Nothing but the lines from the one containing "Some of the text" through the final line of the listing should appear in the answer, each exactly as written.
= = = =
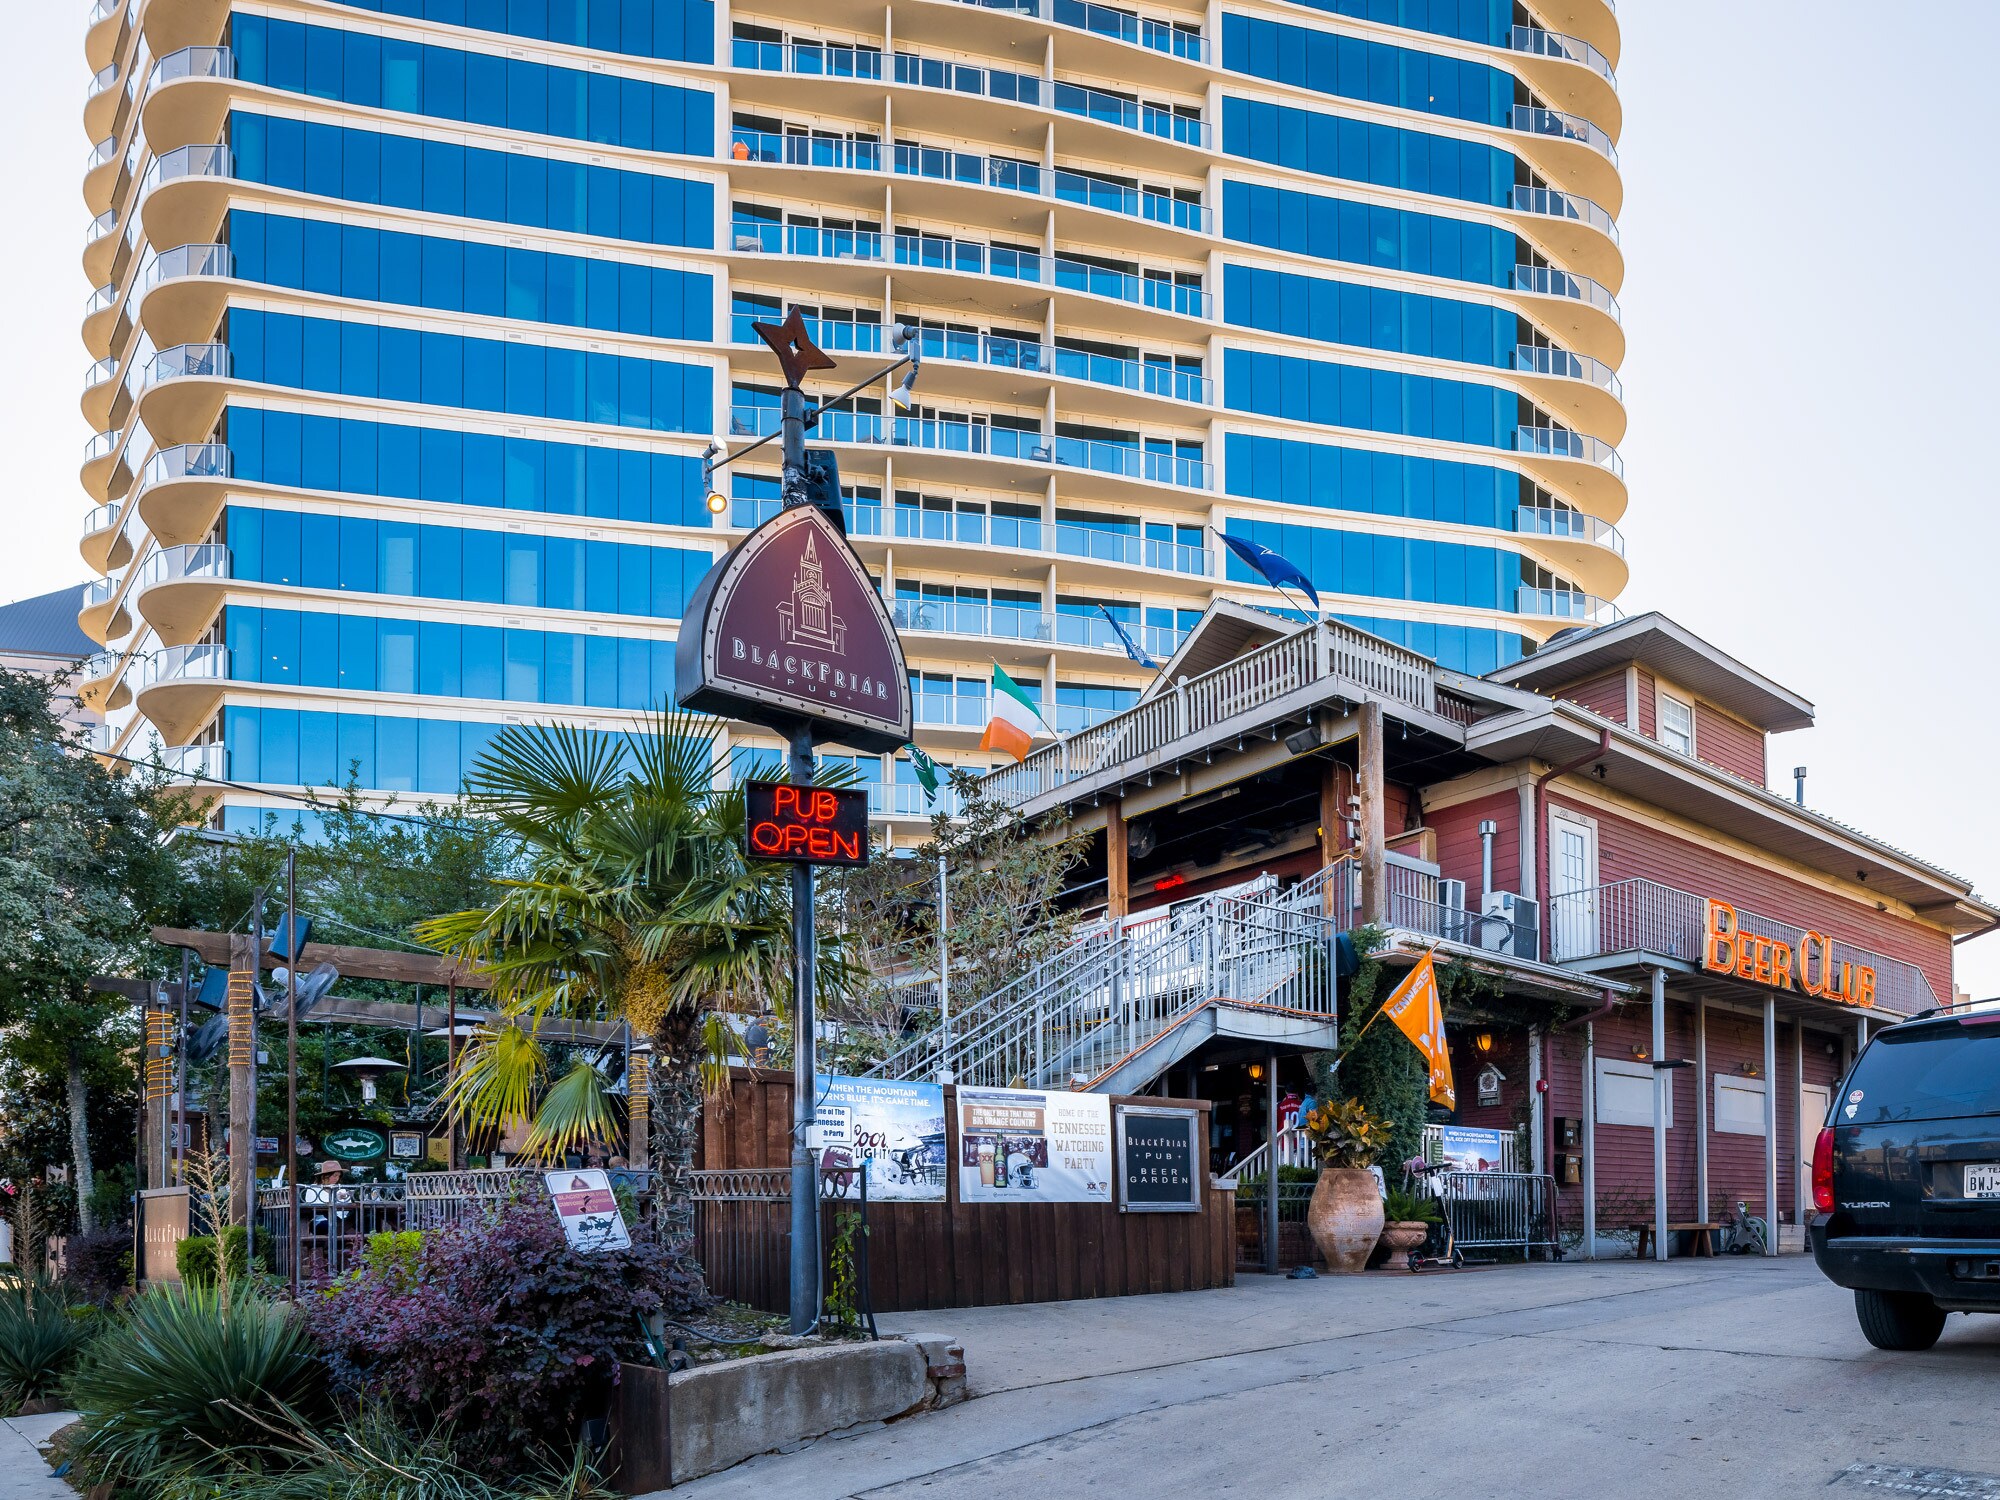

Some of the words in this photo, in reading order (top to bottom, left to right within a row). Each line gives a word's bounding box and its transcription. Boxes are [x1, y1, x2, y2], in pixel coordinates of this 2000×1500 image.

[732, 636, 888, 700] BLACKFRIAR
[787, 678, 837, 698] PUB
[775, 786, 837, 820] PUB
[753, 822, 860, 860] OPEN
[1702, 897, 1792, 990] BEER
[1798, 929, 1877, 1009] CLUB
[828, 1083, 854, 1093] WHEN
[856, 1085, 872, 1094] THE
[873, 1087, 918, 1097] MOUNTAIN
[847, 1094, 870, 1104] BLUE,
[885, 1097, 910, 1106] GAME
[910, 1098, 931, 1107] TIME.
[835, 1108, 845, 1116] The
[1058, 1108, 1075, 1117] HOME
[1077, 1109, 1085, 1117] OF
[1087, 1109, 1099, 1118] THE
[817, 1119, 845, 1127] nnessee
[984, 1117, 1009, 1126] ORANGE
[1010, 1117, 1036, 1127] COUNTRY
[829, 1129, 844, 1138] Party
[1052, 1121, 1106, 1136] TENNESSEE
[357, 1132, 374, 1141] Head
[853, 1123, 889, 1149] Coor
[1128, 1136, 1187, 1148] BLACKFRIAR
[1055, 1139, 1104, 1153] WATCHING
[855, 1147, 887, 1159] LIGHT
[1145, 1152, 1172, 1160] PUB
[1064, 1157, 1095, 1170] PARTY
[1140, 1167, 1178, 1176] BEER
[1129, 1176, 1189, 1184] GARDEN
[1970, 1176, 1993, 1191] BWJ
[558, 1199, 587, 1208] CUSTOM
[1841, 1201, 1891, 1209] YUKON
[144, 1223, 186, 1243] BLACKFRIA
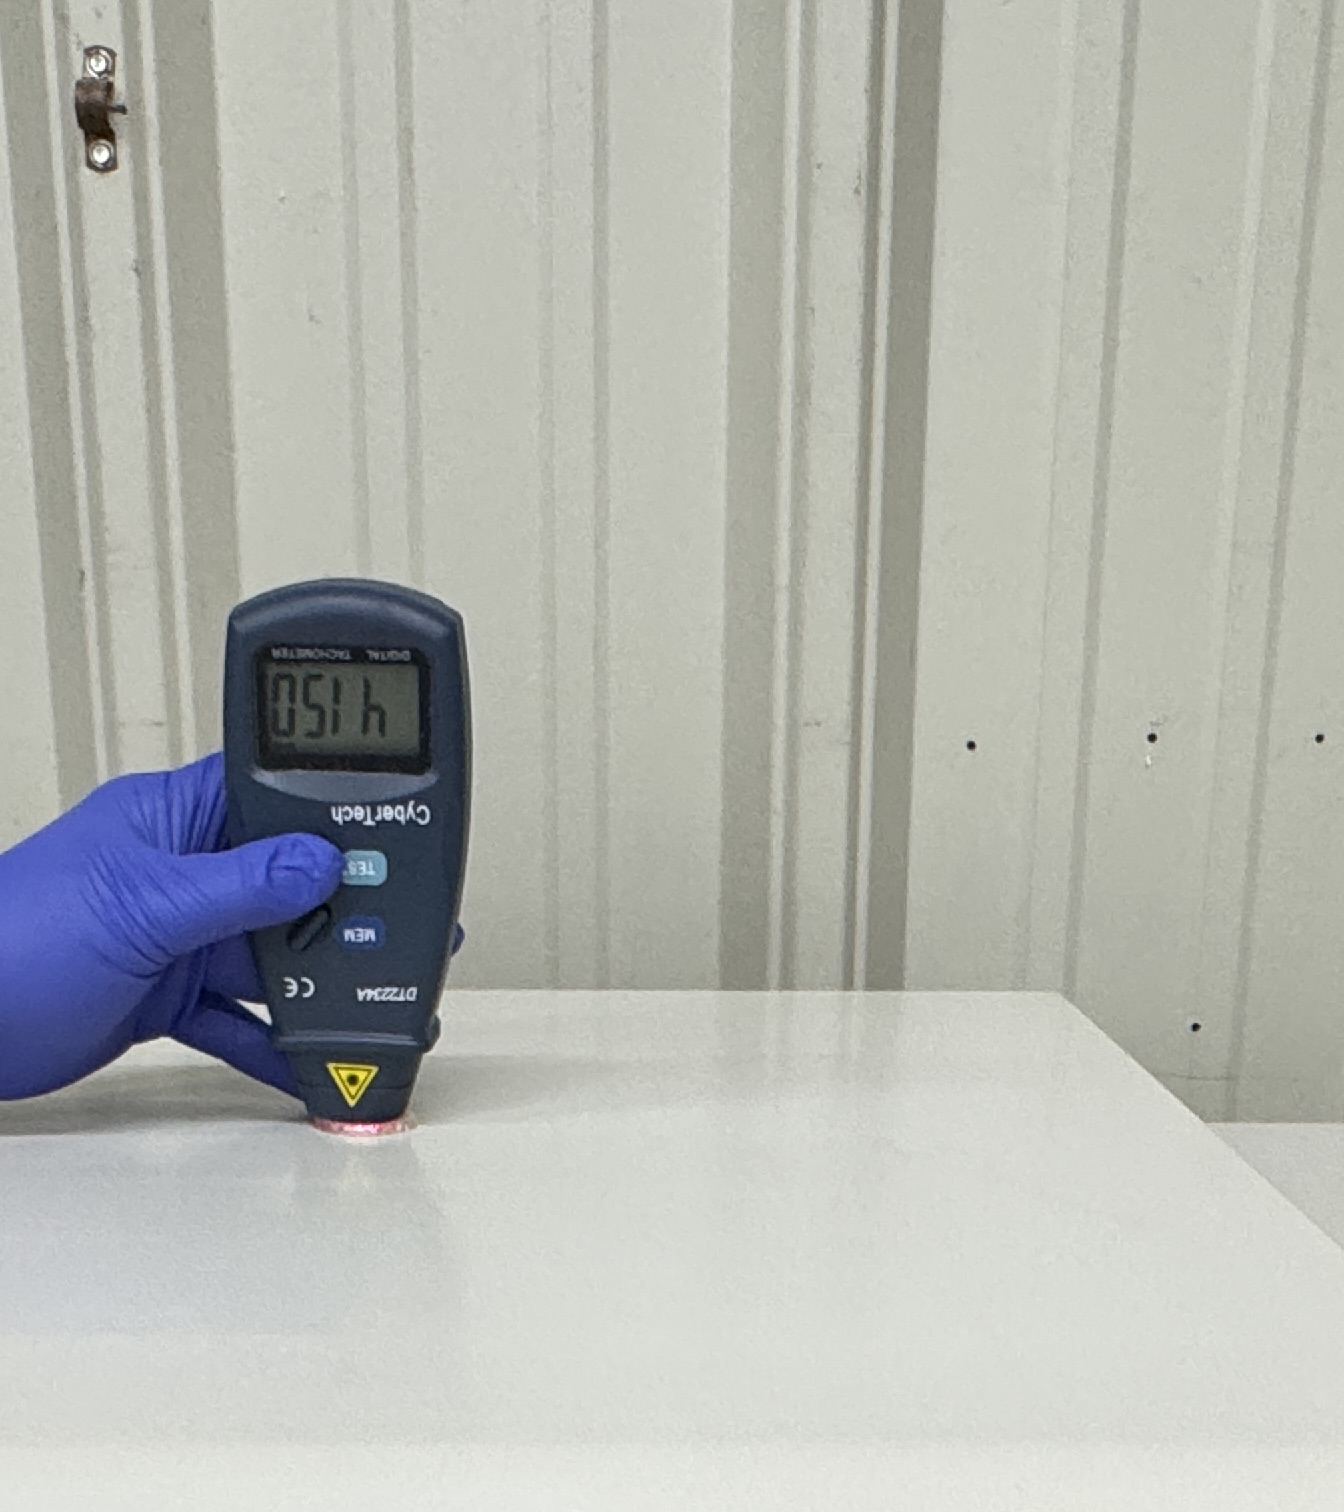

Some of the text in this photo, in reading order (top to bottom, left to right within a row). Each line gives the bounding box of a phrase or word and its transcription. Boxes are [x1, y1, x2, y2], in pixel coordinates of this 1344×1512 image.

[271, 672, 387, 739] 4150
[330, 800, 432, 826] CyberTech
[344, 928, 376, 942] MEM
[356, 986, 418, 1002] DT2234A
= = = =
• The answer
Some of the text in this photo, in reading order (top to bottom, left to right within a row). Each line gives the bounding box of a phrase or word and its transcription. Boxes are [x1, y1, x2, y2], in pixel coordinates of this 1344×1512 image.

[271, 672, 387, 739] 4150
[330, 800, 432, 826] CyberTech
[344, 928, 376, 942] MEM
[356, 986, 418, 1002] DT2234A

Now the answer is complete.